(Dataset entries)
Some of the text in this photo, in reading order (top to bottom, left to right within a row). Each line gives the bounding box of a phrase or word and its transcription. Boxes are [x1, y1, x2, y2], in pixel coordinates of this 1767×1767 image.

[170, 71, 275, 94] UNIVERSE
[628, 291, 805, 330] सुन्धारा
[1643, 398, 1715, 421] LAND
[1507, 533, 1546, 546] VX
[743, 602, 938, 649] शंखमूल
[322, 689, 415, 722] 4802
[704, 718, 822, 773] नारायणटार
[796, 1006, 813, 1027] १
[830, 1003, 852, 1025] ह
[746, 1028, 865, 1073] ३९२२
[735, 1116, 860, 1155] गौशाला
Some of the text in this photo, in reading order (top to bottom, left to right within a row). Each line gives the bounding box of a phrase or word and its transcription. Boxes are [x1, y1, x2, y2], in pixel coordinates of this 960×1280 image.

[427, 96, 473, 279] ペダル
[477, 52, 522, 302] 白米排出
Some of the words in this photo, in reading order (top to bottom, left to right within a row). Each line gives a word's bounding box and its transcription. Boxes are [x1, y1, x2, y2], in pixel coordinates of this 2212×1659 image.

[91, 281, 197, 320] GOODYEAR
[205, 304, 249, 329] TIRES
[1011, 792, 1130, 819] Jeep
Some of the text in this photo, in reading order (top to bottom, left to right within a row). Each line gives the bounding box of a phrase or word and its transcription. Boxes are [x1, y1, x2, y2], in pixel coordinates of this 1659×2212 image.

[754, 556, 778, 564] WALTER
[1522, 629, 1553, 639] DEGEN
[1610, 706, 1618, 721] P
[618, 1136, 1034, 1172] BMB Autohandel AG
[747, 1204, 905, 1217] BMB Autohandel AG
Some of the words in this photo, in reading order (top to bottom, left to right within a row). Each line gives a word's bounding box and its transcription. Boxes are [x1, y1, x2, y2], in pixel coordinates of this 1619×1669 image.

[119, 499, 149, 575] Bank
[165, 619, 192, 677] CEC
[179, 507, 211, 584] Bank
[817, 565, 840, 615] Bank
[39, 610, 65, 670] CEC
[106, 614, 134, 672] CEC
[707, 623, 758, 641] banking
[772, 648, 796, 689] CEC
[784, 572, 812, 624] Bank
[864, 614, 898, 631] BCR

## Aim of the exercise
Set down every entry exactly as it appears.

## Output of the exercise
Some of the text in this photo, in reading order (top to bottom, left to right within a row). Each line gives the bounding box of a phrase or word and its transcription. Boxes are [x1, y1, x2, y2], in pixel coordinates of this 1767×1767 image.

[170, 71, 275, 94] UNIVERSE
[628, 291, 805, 330] सुन्धारा
[1643, 398, 1715, 421] LAND
[1507, 533, 1546, 546] VX
[743, 602, 938, 649] शंखमूल
[322, 689, 415, 722] 4802
[704, 718, 822, 773] नारायणटार
[796, 1006, 813, 1027] १
[830, 1003, 852, 1025] ह
[746, 1028, 865, 1073] ३९२२
[735, 1116, 860, 1155] गौशाला
Some of the text in this photo, in reading order (top to bottom, left to right within a row). Each line gives the bounding box of a phrase or word and its transcription. Boxes are [x1, y1, x2, y2], in pixel coordinates of this 960×1280 image.

[427, 96, 473, 279] ペダル
[477, 52, 522, 302] 白米排出
Some of the words in this photo, in reading order (top to bottom, left to right within a row). Each line gives a word's bounding box and its transcription. Boxes are [x1, y1, x2, y2], in pixel coordinates of this 2212×1659 image.

[91, 281, 197, 320] GOODYEAR
[205, 304, 249, 329] TIRES
[1011, 792, 1130, 819] Jeep
Some of the text in this photo, in reading order (top to bottom, left to right within a row). Each line gives the bounding box of a phrase or word and its transcription. Boxes are [x1, y1, x2, y2], in pixel coordinates of this 1659×2212 image.

[754, 556, 778, 564] WALTER
[1522, 629, 1553, 639] DEGEN
[1610, 706, 1618, 721] P
[618, 1136, 1034, 1172] BMB Autohandel AG
[747, 1204, 905, 1217] BMB Autohandel AG
Some of the words in this photo, in reading order (top to bottom, left to right within a row). Each line gives a word's bounding box and its transcription. Boxes are [x1, y1, x2, y2], in pixel coordinates of this 1619×1669 image.

[119, 499, 149, 575] Bank
[165, 619, 192, 677] CEC
[179, 507, 211, 584] Bank
[817, 565, 840, 615] Bank
[39, 610, 65, 670] CEC
[106, 614, 134, 672] CEC
[707, 623, 758, 641] banking
[772, 648, 796, 689] CEC
[784, 572, 812, 624] Bank
[864, 614, 898, 631] BCR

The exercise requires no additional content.